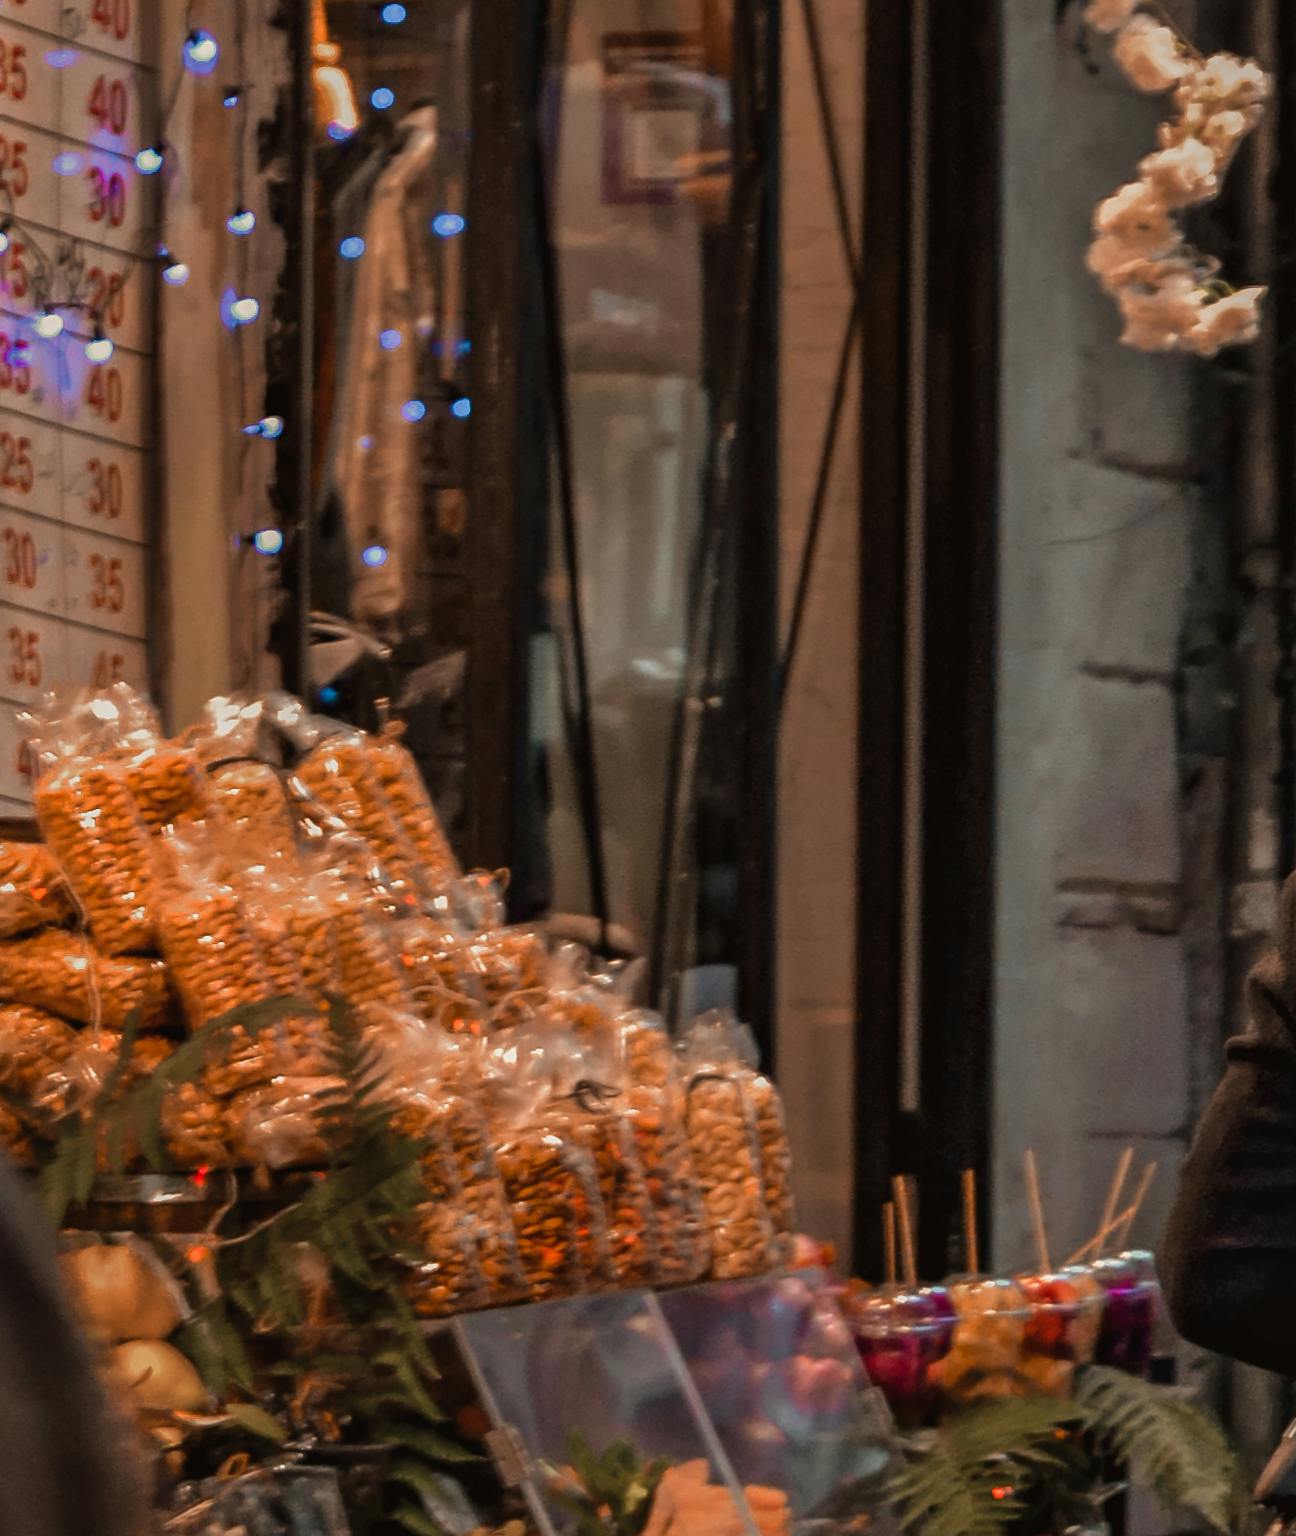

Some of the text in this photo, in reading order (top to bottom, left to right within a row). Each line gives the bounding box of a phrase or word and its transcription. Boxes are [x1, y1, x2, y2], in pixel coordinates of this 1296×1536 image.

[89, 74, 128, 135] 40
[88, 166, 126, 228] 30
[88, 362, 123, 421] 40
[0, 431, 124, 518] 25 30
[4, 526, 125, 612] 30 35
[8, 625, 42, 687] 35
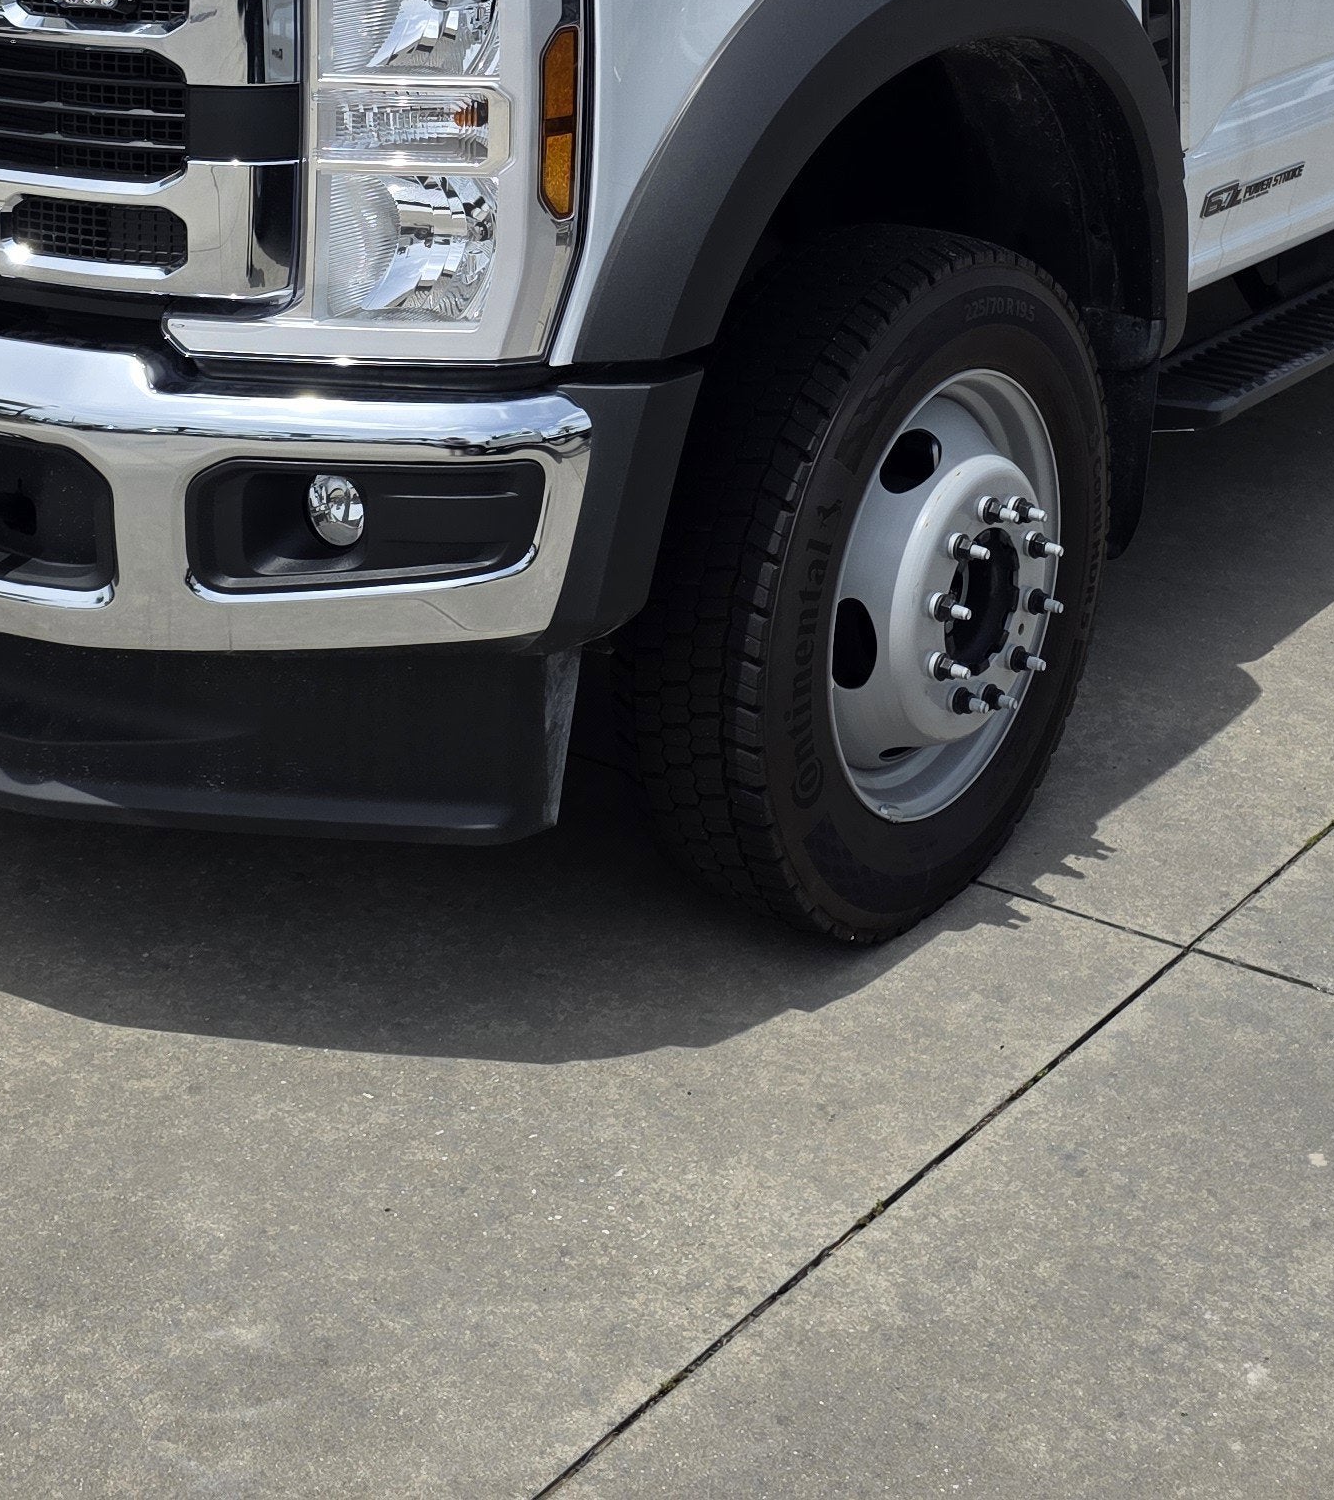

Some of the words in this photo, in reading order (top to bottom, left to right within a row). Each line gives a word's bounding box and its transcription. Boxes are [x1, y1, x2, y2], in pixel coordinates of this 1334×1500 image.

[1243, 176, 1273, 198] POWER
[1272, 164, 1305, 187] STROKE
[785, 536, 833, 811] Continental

→ WHAT YOU SHOULD DO:
All lines from the one containing "Some of the words" to the end of the records are to be duplicated exactly, and no other lines are to be given.

→ TASK RESULT:
Some of the words in this photo, in reading order (top to bottom, left to right within a row). Each line gives a word's bounding box and its transcription. Boxes are [x1, y1, x2, y2], in pixel coordinates of this 1334×1500 image.

[1243, 176, 1273, 198] POWER
[1272, 164, 1305, 187] STROKE
[785, 536, 833, 811] Continental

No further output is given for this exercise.